Shikaras in Kashmir were never associated with Kashmiri Pandits. They were owned and plied by the Muslims and used by tourists. It was only much after 1990 when some Pandits started visiting the place that had once been home that they were persuaded by glib-talking Shikara-wallahs to step into those boats to glide across the Dal Lake and pretend nothing bad had ever happened. By choosing to call his film Shikara, Vidhu Vinod Chopra chose to tell exactly that version of the Kashmir story. The version where Muslims pretended what happened in 1990 was an aberration and what Chopra had the nerve to call a “falling out between two friends”!

In the meantime, he roped in a Pandit writer who had written an acclaimed account of our exodus and kept some simple people from the community happy by making them feel they were an integral part of the venture. The trailers were carefully edited to create the impression that he was going to keep his promise of honestly depicting the ‘untold story of Kashmiri Pandits’.

So, despite Chopra’s history of delivering a tepid version of what actually transpired in Kashmir during the nineties, most Kashmiri Pandits were eager to see their plight unfold on the big screen. We kept telling ourselves that with Rahul Pandita as the scriptwriter, the filmmaker couldn’t go wrong. How could anyone, who had experienced the agonising upheaval of 1990, not get it right!

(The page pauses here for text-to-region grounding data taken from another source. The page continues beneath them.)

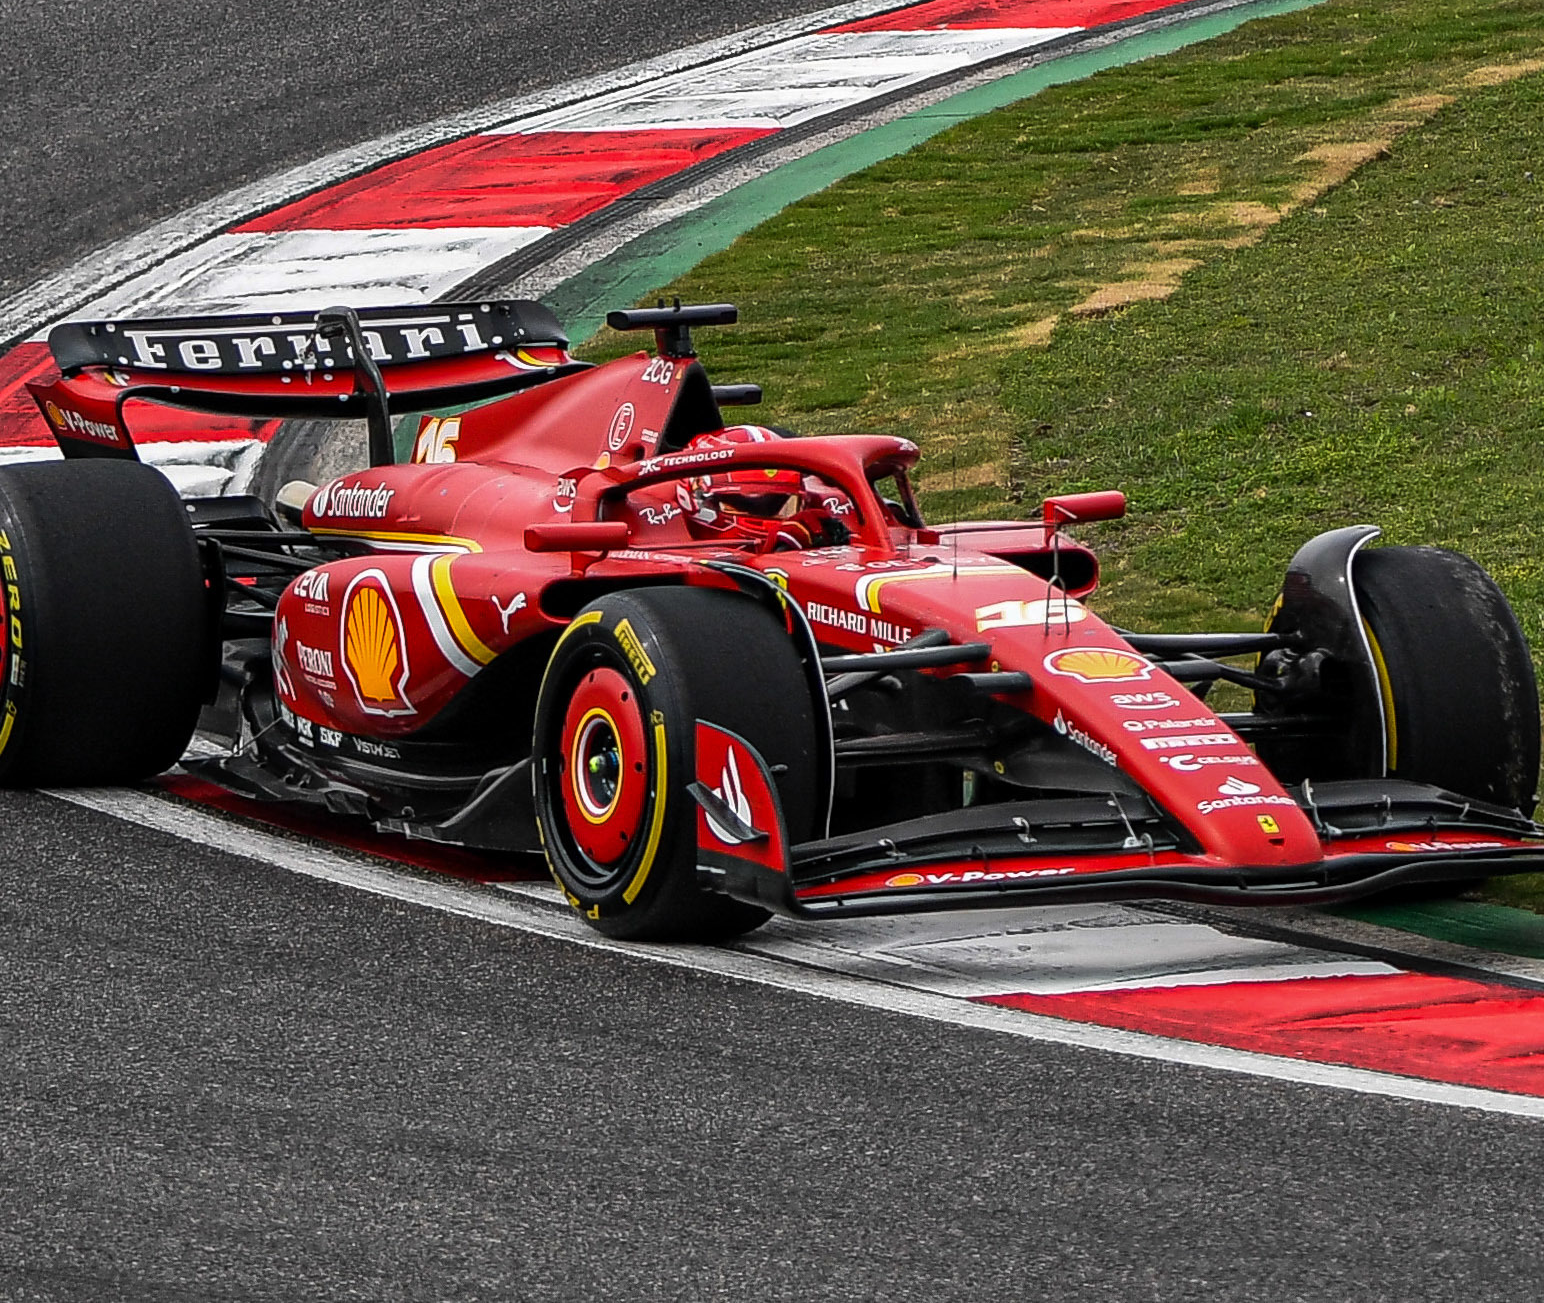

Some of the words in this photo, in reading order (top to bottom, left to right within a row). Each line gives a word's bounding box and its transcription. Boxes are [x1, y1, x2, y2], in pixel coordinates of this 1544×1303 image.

[124, 313, 489, 370] Ferrari
[60, 409, 120, 443] V-Power
[415, 416, 462, 464] 16
[664, 449, 735, 467] TECHNOLOGY
[327, 480, 395, 518] Santander
[806, 601, 867, 635] RICHARD
[870, 617, 913, 645] MILLE
[296, 639, 335, 678] PERONI
[613, 618, 657, 687] PIRELLI
[1110, 692, 1172, 705] aws
[319, 726, 343, 749] SKF
[1144, 717, 1217, 730] Palantir
[1066, 720, 1118, 768] Santander
[926, 867, 1076, 885] V-Power

Not being amongst those Pandits selected for a special screening, I made sure to book my tickets and watch Shikara as soon as I could manage. However, hardly after the first few scenes, I had this urge to just get up and leave the theatre. How could I sit through a film that was actually explaining how and why a dashing young cricketer called Latif turned into a terrorist? Was this a film about the oppression, persecution and genocide of Kashmiri Pandits or the celluloid version of the usual ‘headmaster’s son forced to become terrorist story’?

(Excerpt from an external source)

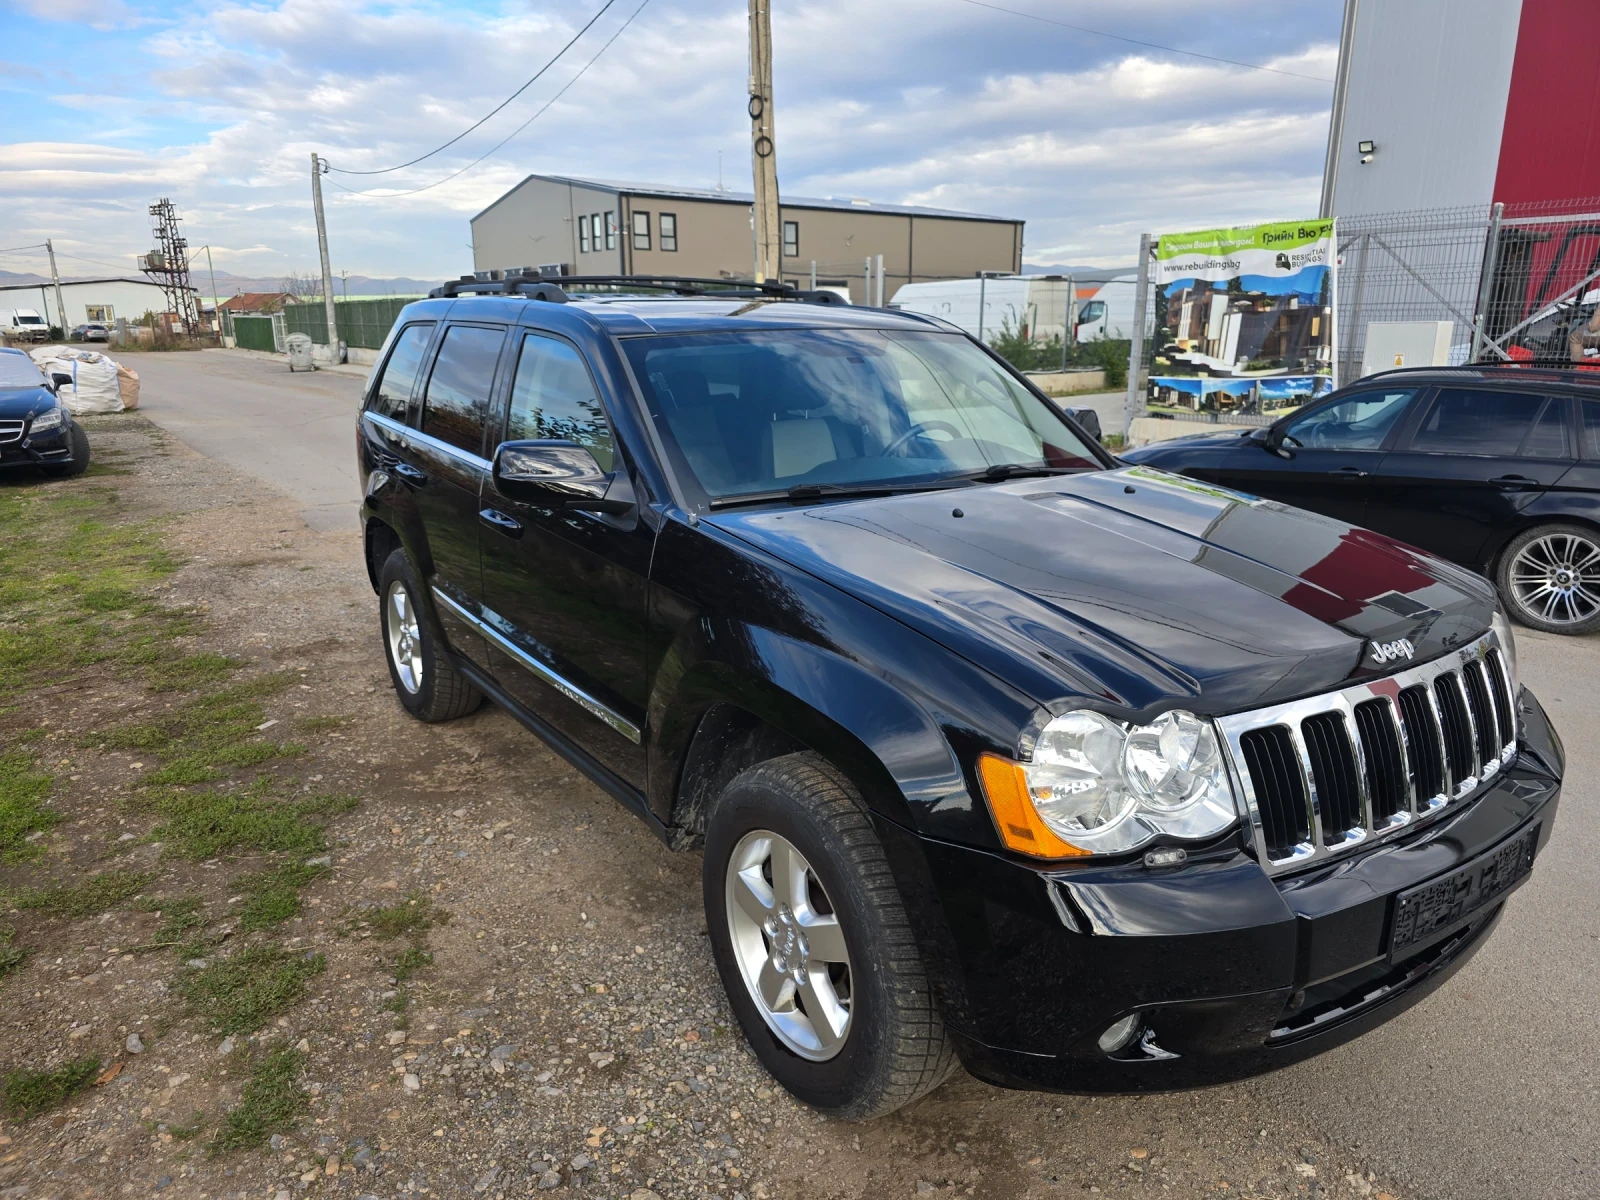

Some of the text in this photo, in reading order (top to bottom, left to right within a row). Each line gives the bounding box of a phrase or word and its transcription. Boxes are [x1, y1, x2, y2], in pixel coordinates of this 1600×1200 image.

[1262, 230, 1294, 245] Грийн
[1298, 227, 1317, 239] Вю
[1164, 260, 1241, 272] www.rebuildingsbg
[1371, 638, 1415, 664] Jeep

There are scenes in Shikara that could have made a powerful impact but seem to be deliberately toned down to make the reality look less harsh. In reality, Pandits’ houses were burnt down by murderous mobs, comprising in many cases neighbours who spared no one and nothing. In the film, it’s just a group of men setting fire to houses and walking off without killing the occupants. The threatening Islamic slogans that were blared from mosque loudspeakers and chanted by mobs everywhere are hardly intelligible in the film. Was it my feeling or is the audio in the film actually lower when ‘inconvenient’ truths are being shouted?

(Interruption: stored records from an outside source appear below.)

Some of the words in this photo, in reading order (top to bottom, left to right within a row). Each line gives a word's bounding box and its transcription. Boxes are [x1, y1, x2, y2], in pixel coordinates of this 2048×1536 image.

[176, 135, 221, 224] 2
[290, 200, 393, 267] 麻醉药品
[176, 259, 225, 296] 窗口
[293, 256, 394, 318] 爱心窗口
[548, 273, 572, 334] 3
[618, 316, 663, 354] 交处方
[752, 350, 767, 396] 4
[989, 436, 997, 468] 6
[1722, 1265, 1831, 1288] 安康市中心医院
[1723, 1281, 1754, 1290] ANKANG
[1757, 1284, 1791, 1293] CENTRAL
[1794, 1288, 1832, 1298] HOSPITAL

The almost fixed, vacuous smiles on the lead pair’s faces negate the pain of loss, displacement and suffering. Why weren’t Kashmiri Pandits chosen to enact these roles more meaningfully? Did Chopra realise he was rubbing salt into our wounds by not choosing Pandits for both roles? Or was this his idea of presenting a ‘secular’ version of the persecution that was solely perpetrated on the basis of religion?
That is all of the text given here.